Poland

Henryk Wujec

„I feel Polish, and as part of Europe, because Poland was shaped by Europe – by Christianity, by Greeks, by Romans. This whole legacy of Judeo-Christian heritage, Greek philosophy, Roman law, shaped Poland“.

Interview by Adam Jarosz

Henryk Wujec was one of Poland’s most important opposition leaders in the time of the fall of the iron curtain and served as a politician and member of the Sejm. Born in Podlesie, Biłgoraj County, Poland in 1940, he recently passed away in August 2020, and was posthumously awarded with the Order of the White Eagle – the highest Polish decoration.

As a child, Wujec was interned in and survived Majdanek concentration camp. After he graduated from the University of Warsaw with a degree in physics, he continued postgraduate studies in electron technology in 1970. Although a physicist by profession he got increasingly more involved in politics and rose to became a prominent social activist in the democratic opposition of Poland and a member of the Solidarity movement. In his leading role there, Wujec participated in the roundtable talks of 1989 and started to work full-time in politics, as a deputy minister in the Jerzy Buzek government and as an adviser to President Bronisław Komorowski.

In this conversation with Adam Jarosz from March 2019, Henryk Wujec gave his personal account of the Polish “Solidarity” movement and the many struggles they were to face on the way towards Polish democracy.

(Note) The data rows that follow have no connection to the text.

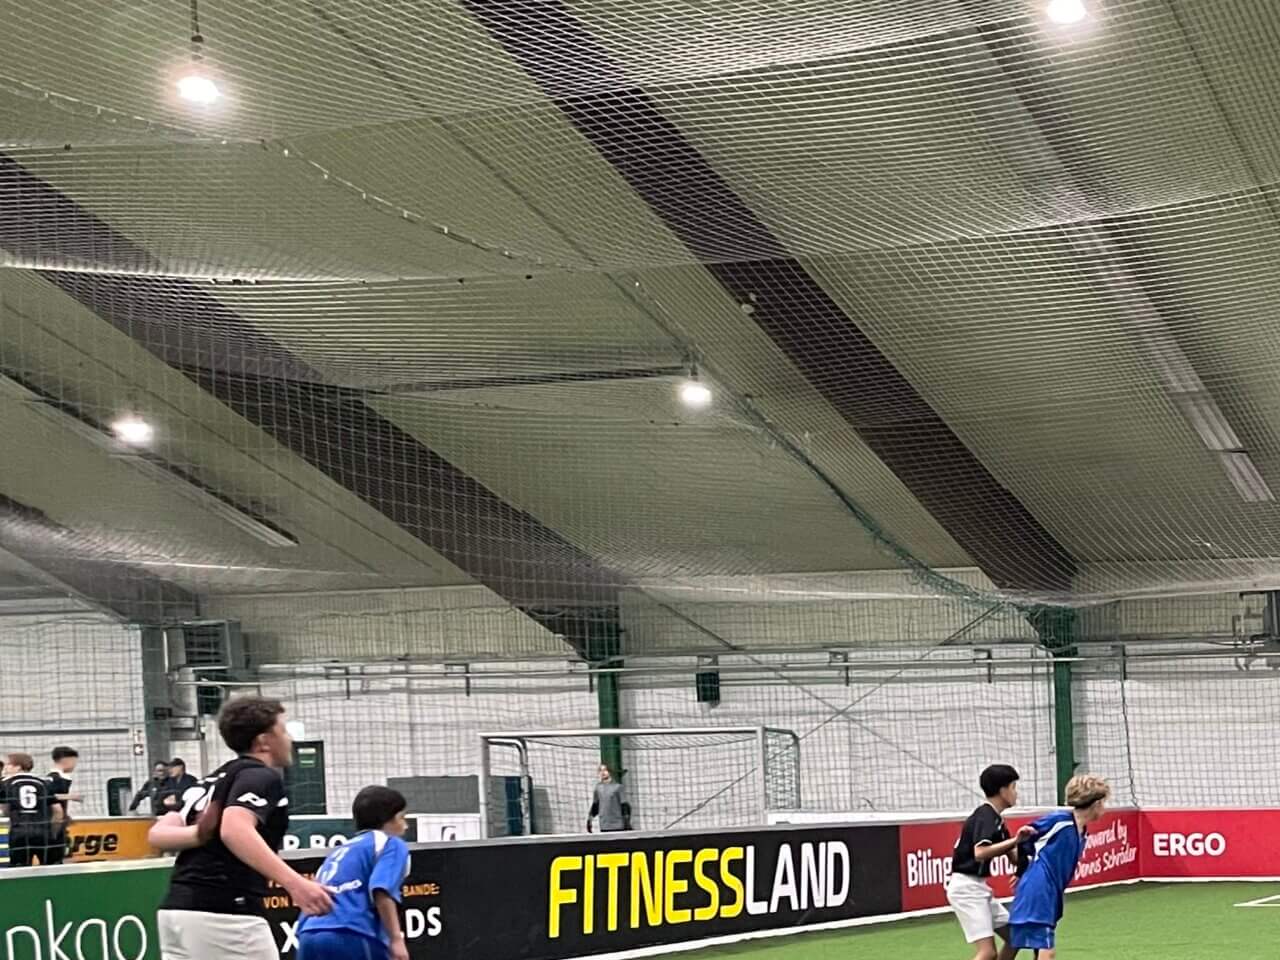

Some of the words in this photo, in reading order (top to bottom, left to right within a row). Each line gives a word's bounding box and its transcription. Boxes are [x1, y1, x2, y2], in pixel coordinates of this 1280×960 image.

[19, 785, 37, 809] 6
[1117, 818, 1128, 845] by
[1152, 832, 1226, 857] ERGO
[549, 841, 850, 938] FITNESSLAND
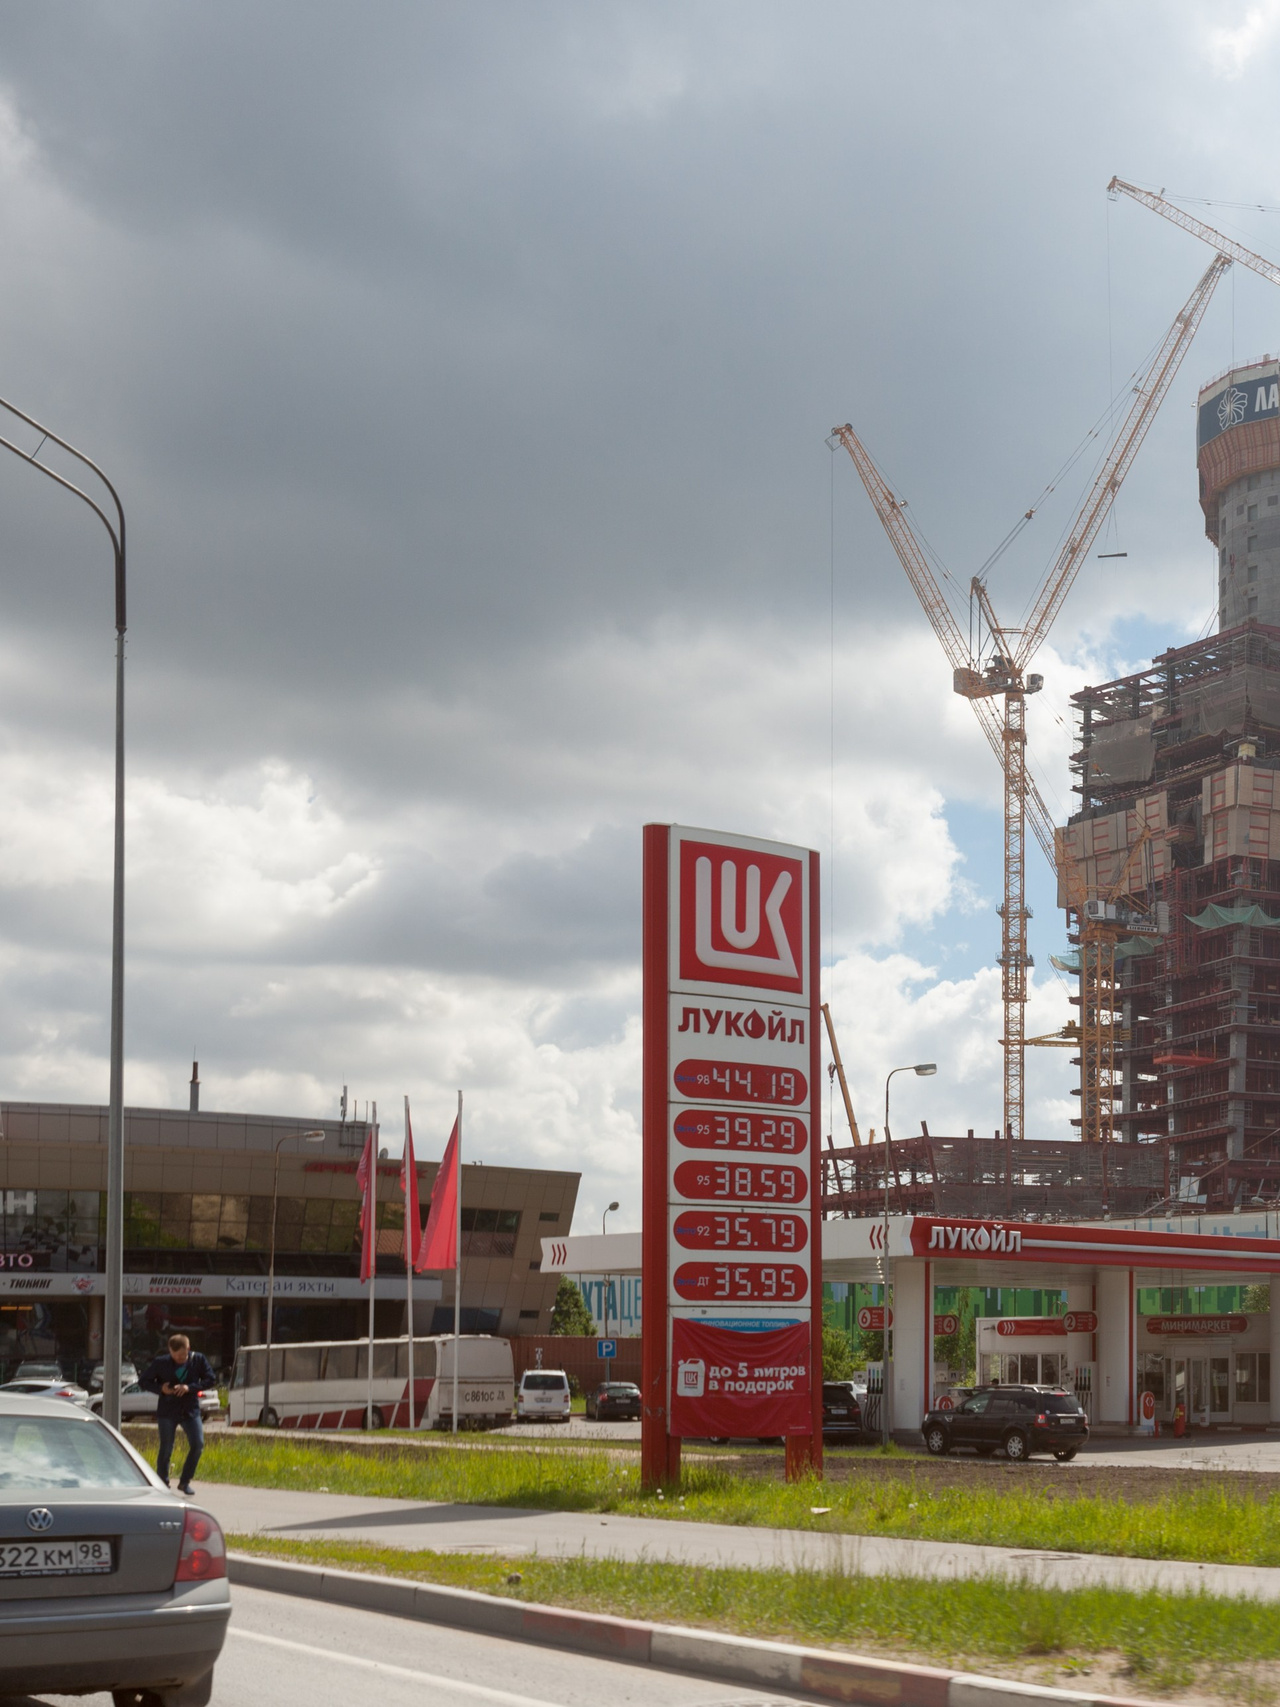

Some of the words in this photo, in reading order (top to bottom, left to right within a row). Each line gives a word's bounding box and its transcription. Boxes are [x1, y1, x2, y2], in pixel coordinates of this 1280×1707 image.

[678, 1007, 805, 1044] ЛУКОЙЛ
[696, 1074, 710, 1085] 98
[712, 1067, 795, 1101] 44.19
[696, 1124, 710, 1135] 95
[714, 1116, 795, 1149] 39.29
[696, 1175, 711, 1186] 95
[714, 1166, 795, 1199] 38.59
[0, 1190, 35, 1215] Н
[696, 1226, 710, 1237] 92
[714, 1216, 795, 1248] 35.79
[928, 1224, 1021, 1253] ЛУКОЙЛ
[150, 1277, 203, 1286] МОТОБЛОКИ
[225, 1277, 281, 1295] Катера
[284, 1280, 293, 1291] и
[298, 1280, 335, 1293] яхты
[697, 1276, 710, 1287] ДТ
[714, 1267, 795, 1297] 35.95
[1161, 1321, 1231, 1331] МИНИМАРКЕТ
[602, 1341, 613, 1357] P
[709, 1366, 732, 1379] до
[738, 1362, 748, 1377] 5
[753, 1366, 806, 1380] литров
[708, 1380, 719, 1391] в
[724, 1380, 794, 1395] подарок
[80, 1543, 102, 1559] 98

Henryk Wujec was interviewed by the Polish political scientist Adam Jarosz.

Interview Highlights

The day that Stalin died

“That day, one of the students was reading out the news and we stood in the school corridor and listened to it. The mood was serious because it was announced that Comrade Stalin had died. I’m not sure if the teachers were crying, but it’s possible that they did. The mood was serious, we sang some songs. We always sang a song during those ceremonies. […]

We went into our classroom and a friend of mine whom I liked very much, who I used to share a bench with, said: “Look at that wall, what’s written there?” And written on it was: “Long live Comrade Stalin, the ensign of peace, the chief of humanity, the role model, the leader etc” – all these adjectives. My friend said: “It says ‘long live’, while he is dead. You should tear it off, so that is says: ‘Comrade Stalin is dead’.” And I said: “You’re right”. I was clever, so I climbed on a tiled stove and ripped off the letters “ch”, thanks to which the inscription was changed to: “Comrade Stalin is dead” [“niech żyje Stalin” to “nie żyje Stalin”]. When our teacher came in and saw it, she turned pale, froze, speechless, because she was mature and knew what that could lead to.”

On social activism

“I am already a pensioner. But I feel personally, emotionally attached to non-governmental organisations and to those activists who, all the time, regardless of the regime and the government, are trying to do something sensible in their environment, on their territory. I have a lot of such friends. Many of these people were activists of Solidarity, but they did not go into politics or to local governments. Instead, they stayed at the places where they are now, and are still trying to build a civil society.”

On anti-Jewish developments in the 1960s

“About September 1967, I met my current wife, whose maiden name is Ludwika Okręt, and she is of Jewish descent, but that came to light only later because then nobody talked about it. […] And it was only this anti-Semitic campaign that forced us to define ourselves. And that element was significant, and then I felt morally obliged not to let them because they wanted to expel everyone abroad, that my fiancée would go abroad. [….] We were together. Well, of course she didn’t leave, and her mother didn’t either, but her aunt did. Almost all of her family was killed in the Holocaust. I used to go to Warszawa Gdańska railway station to say goodbye to those who were leaving [the country], my friends etc. It all disturbed me. So that was a moment of a huge jump into politics, but politics in the sense of disagreement with what was happening.”

On supporting the 1976 workers‘ protests in Radom and Ursus

“Anyway, they [the workers] were so crude, ill-dressed, tearful. They were terrified that the sentences would be high. For nothing, because there was nothing there, there were no charges. They just stopped a train. Can someone be sentenced to five years in prison for that? And we felt the need, such a drive, such a pressure, to approach them, to talk to them, and to tell that we would help, that there would be lawyers, because there were lawyers already, a whole group of lawyers who were ready to defend people for free. And it happened there, and then that spark jumped between these two groups. And in a sense, we did what we had considered before, but it hadn’t been possible before. We knew that the reason for our defeats was that everyone protested separately – first students, then workers, and that the authorities divided us to deal with us separately. So we understood that this barrier between intelligentsia and workers had to be overcome.”

The views expressed in the interviews are those of the interviewers and interviewees and do not necessarily reflect those of Arbeit and Europa.